• [What you have to do]
Omit every picture, then give all the entries again exactly.

• [Material supplied]
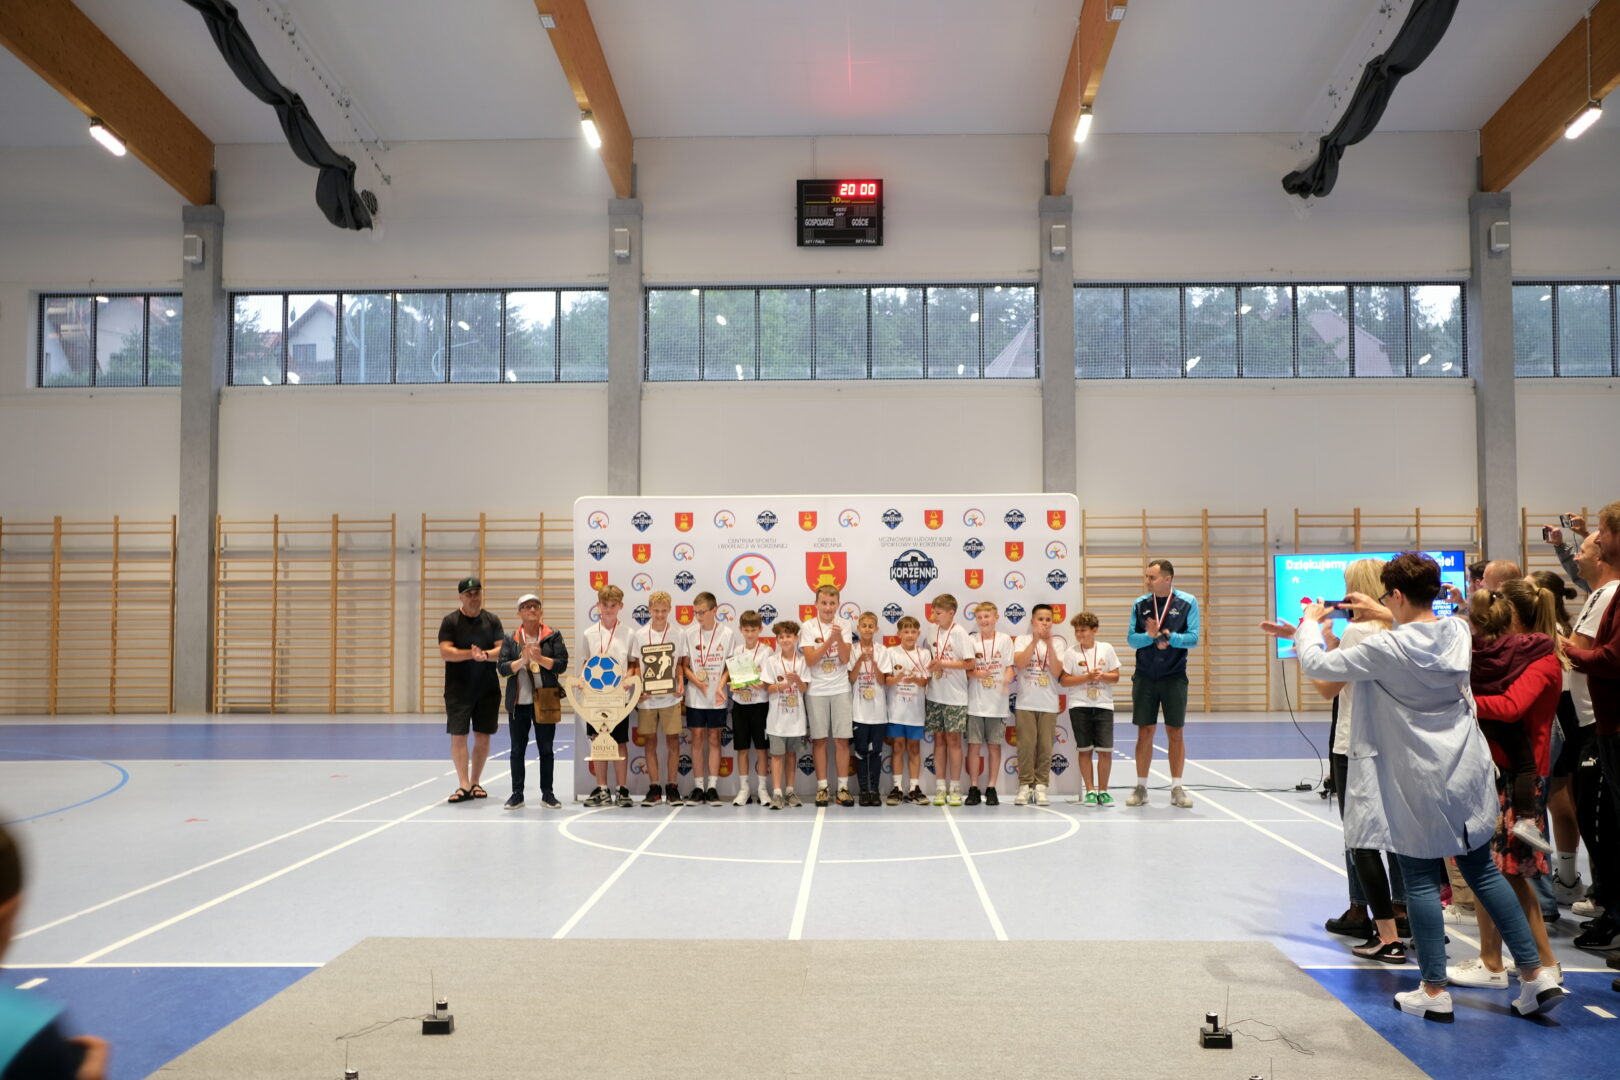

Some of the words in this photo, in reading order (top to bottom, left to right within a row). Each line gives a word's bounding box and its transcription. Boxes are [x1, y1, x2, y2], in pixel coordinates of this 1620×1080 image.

[840, 183, 856, 196] 20
[860, 183, 876, 196] 00
[804, 218, 834, 227] GOSPODARZE
[851, 216, 869, 227] GOŚCIE
[1286, 559, 1347, 572] Dziękujemy
[890, 566, 938, 580] KORZENNA
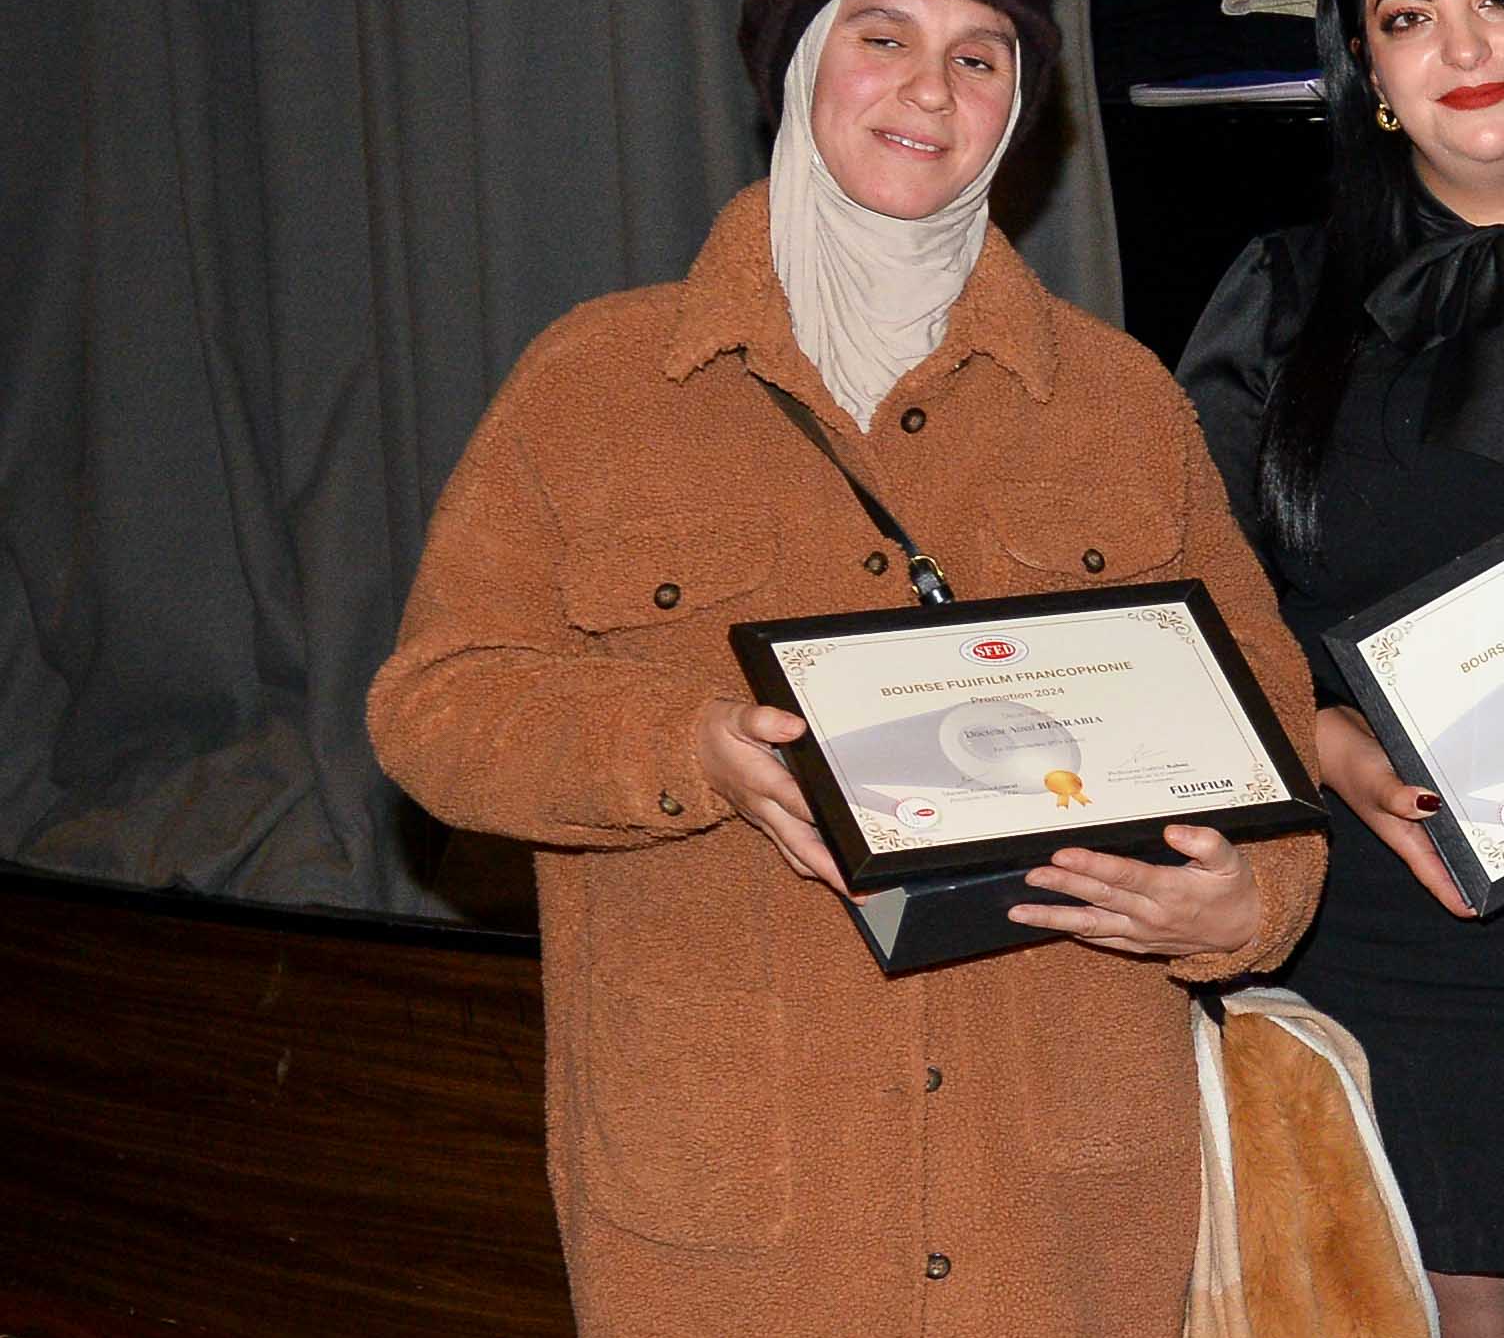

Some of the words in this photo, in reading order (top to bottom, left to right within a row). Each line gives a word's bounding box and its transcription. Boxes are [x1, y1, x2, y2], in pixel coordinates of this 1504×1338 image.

• [Exercise response]
Some of the words in this photo, in reading order (top to bottom, left to right within a row). Each line gives a word's bounding box and its transcription. Boxes are [x1, y1, x2, y2], in pixel coordinates of this 1620×1080 image.

[840, 183, 856, 196] 20
[860, 183, 876, 196] 00
[804, 218, 834, 227] GOSPODARZE
[851, 216, 869, 227] GOŚCIE
[1286, 559, 1347, 572] Dziękujemy
[890, 566, 938, 580] KORZENNA

Some of the words in this photo, in reading order (top to bottom, left to right within a row). Each line gives a word's bounding box and its transcription. Boxes are [x1, y1, x2, y2], in pixel coordinates of this 1504×1338 image.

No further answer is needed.